Education pathways help explain why this mismatch persists. Physician training is front-loaded and immersive, building deep diagnostic and procedural expertise early. Nursing education is often distributed across a career, emphasizing adaptation, patient and family education, population health, and care coordination. These are not competing models; they are complementary ones, each suited to different clinical contexts.
The evidence reflects this reality. Decades of outcomes research show that nurse practitioners deliver primary and chronic care outcomes comparable to physicians, often with lower utilization and cost. Nurse practitioners excel in continuity-dependent care. Physicians remain indispensable for acute, rare, and highly specialized conditions. At the same time, widespread physician burnout and persistent workforce shortages make flexible leadership models not only equitable, but operationally necessary.
The problem arises when leadership is assigned by title rather than by domain. In practice, adaptive leadership already exists, even if policy lags behind.
Serving the underserved
In an underserved community in Petersburg, Virginia, operating under regulations that allow nurse practitioner independence, a doctoral-prepared nurse practitioner leads dermatologic care for patients who would otherwise face long delays or no access. She conducts assessments, performs biopsies, manages chronic disease, coordinates pathology, and follows patients longitudinally. She consults a physician colleague when cases exceed her expertise or require advanced intervention. Collaboration is driven by judgment, not hierarchy.
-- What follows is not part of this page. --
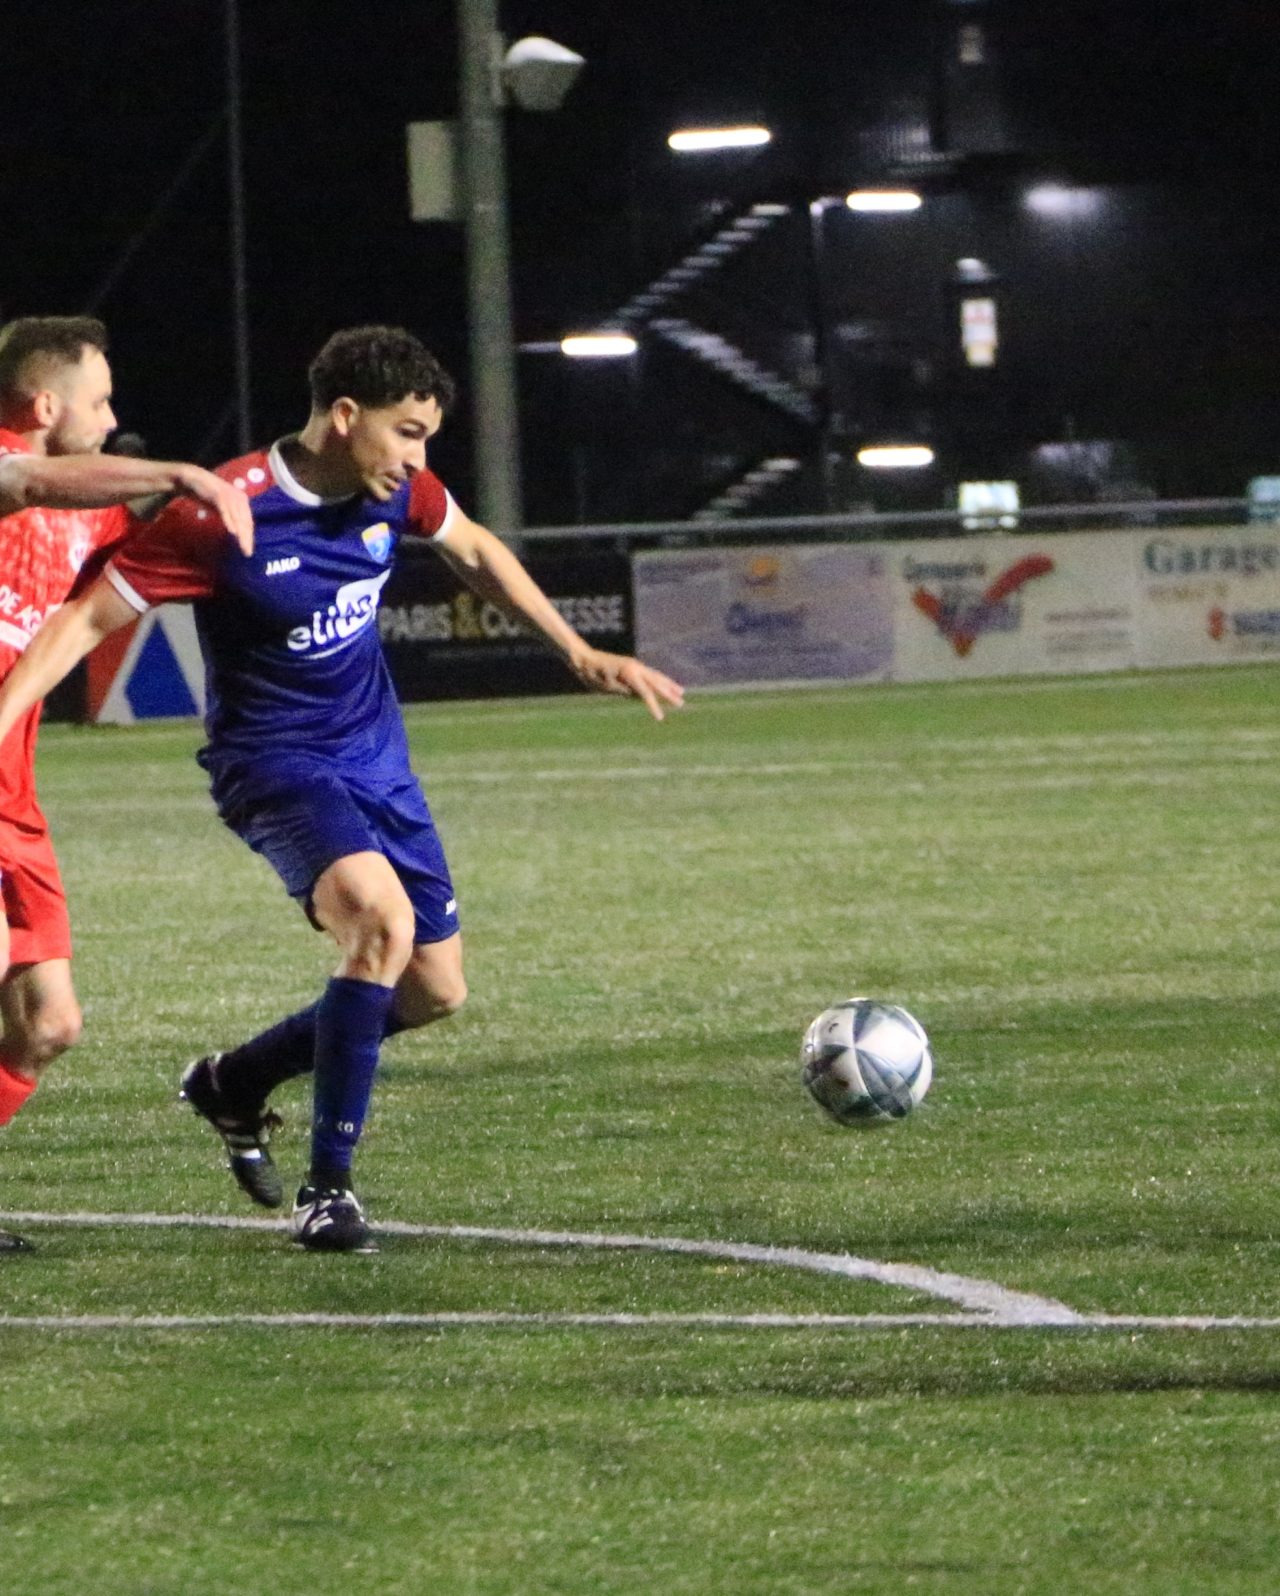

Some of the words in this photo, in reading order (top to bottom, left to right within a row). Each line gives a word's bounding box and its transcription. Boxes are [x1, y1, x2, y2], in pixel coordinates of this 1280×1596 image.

This model remains unavailable in many states, but it demonstrates what becomes possible when leadership follows the problem rather than the title.
Patients know who she is. They know her role. They trust her because she is accountable for their care over time.
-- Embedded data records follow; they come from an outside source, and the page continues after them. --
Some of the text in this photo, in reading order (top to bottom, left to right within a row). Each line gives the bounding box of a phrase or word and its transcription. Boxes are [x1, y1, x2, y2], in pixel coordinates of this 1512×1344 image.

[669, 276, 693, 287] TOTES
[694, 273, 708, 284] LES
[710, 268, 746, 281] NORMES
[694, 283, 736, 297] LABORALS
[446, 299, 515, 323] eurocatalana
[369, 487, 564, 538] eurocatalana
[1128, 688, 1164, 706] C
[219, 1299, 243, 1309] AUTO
This is not an argument against physicians. It is an argument against the assumption that authority must be permanent and unidirectional, regardless of patient need.
Healthcare leadership should follow the clinical problem. When a patient arrives in septic shock, physicians must lead. When a patient requires months or years of chronic disease management, prevention, and education, nurse practitioners are often best positioned to lead. In many cases, leadership should shift as patient needs change. For executives, this shift has practical implications: revisiting privileging and service-line leadership criteria to align authority with clinical domain; designing nurse practitioner-led clinics for chronic and behavior-linked care to expand access and relieve bottlenecks; and adopting dual-identifier standards as a low-cost transparency and risk mitigation step.
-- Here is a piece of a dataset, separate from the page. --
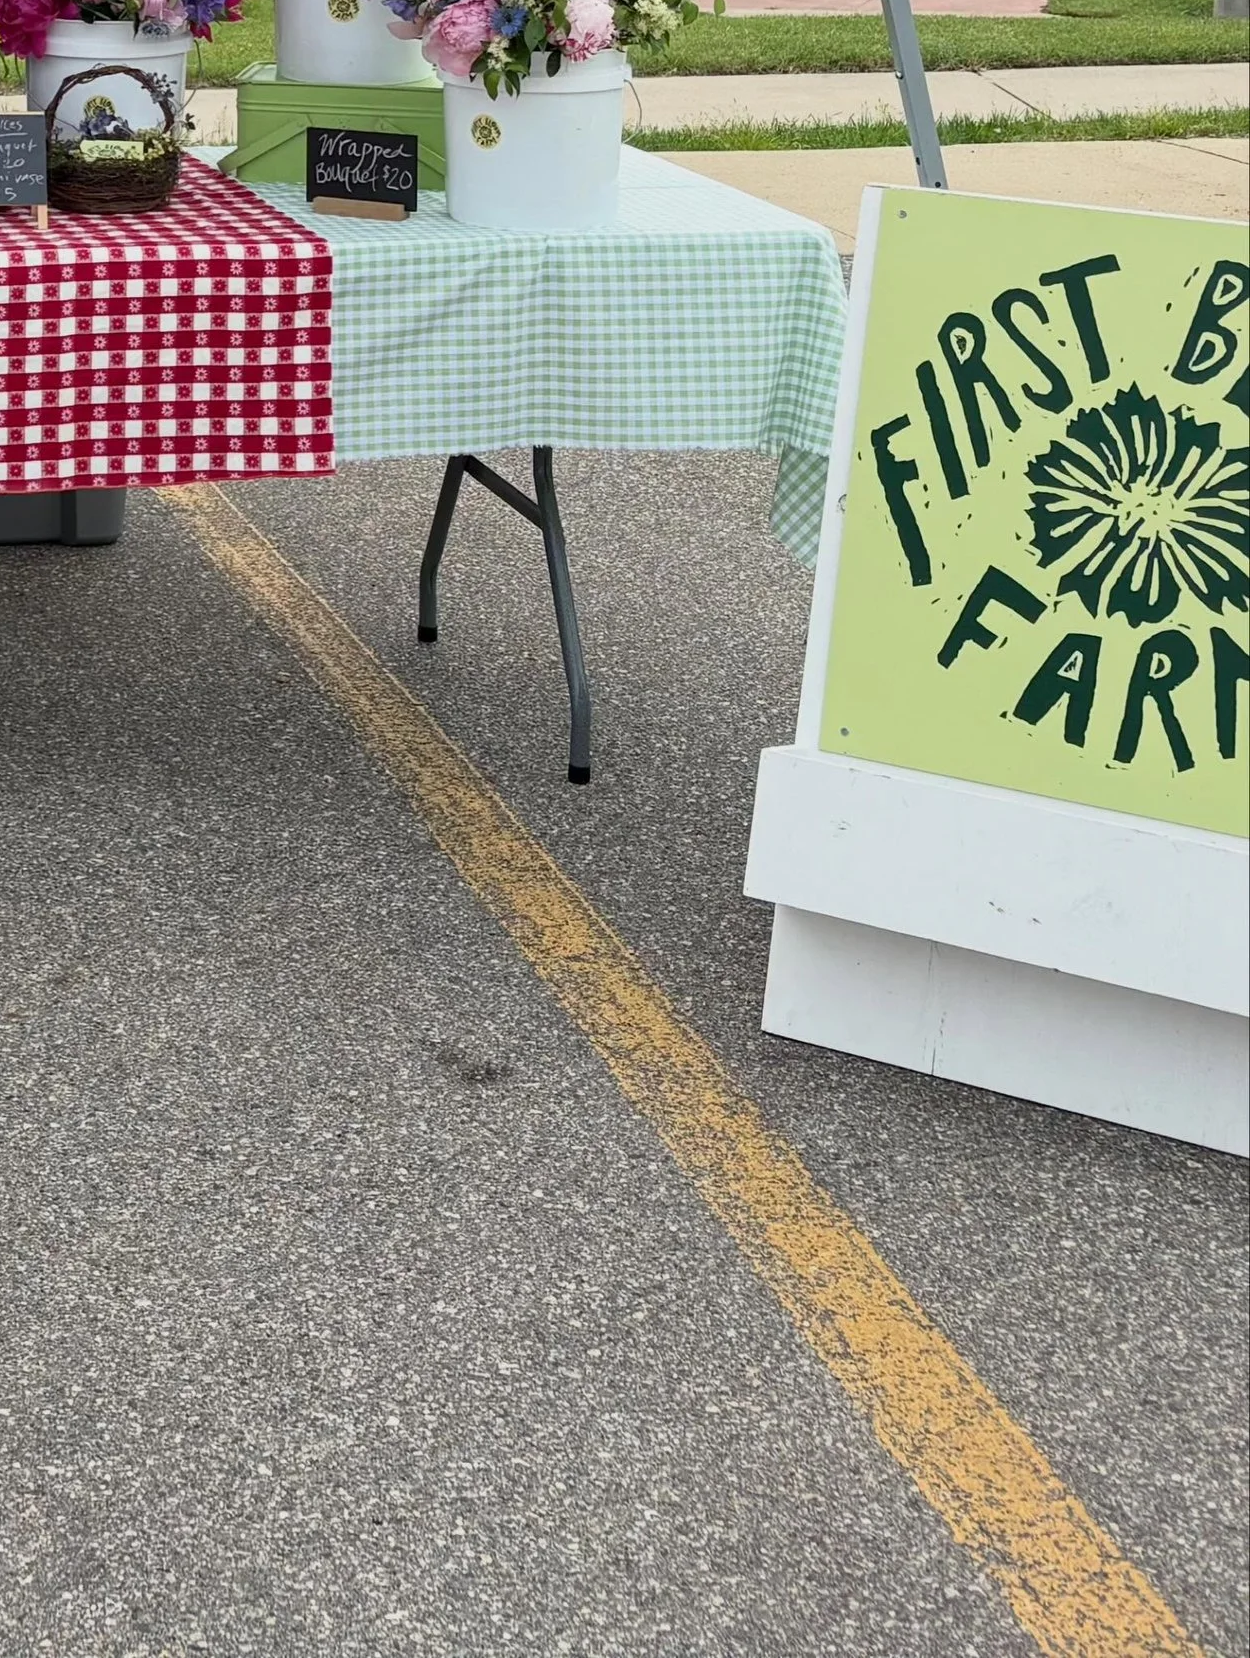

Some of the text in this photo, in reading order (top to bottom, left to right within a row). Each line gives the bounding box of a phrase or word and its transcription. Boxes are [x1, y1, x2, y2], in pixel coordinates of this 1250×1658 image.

[318, 132, 415, 174] Wrapped
[315, 161, 414, 193] Bouquet $20
[870, 253, 1122, 587] FIRST
The Palmer v. Bonta ruling treats titles as a proxy for clarity. But banning accurate academic titles does not resolve confusion; it obscures reality. Misalignment between title and role can create patient complaints, misdirected expectations, and avoidable legal exposure.
A dual-identifier standard, clearly stating both degree and role in all patient-facing contexts, offers a better solution. "Dr. Dawn Adams, Nurse Practitioner" or "Dr. Marissa Levine, Physician" communicates exactly what patients need to know. It protects against misrepresentation without reinforcing outdated hierarchies or diminishing earned credentials.
Implementation is straightforward: apply the standard to badges, signage, intake forms, and telehealth platforms. Licensing boards already track this information; transparency simply makes it visible.
The question is not whether patients can understand this. It is whether systems are willing to trust them with it.
'No Kings' in healthcare
Patients do not need a king. They need a coordinated team that knows who should lead when, and systems flexible enough to make that leadership visible.
Healthcare is struggling not because clinicians lack competence, but because systems cling to structures that no longer match how care is delivered.
Replacing hierarchy with accountability by domain is not radical. It is practical. And it is long overdue.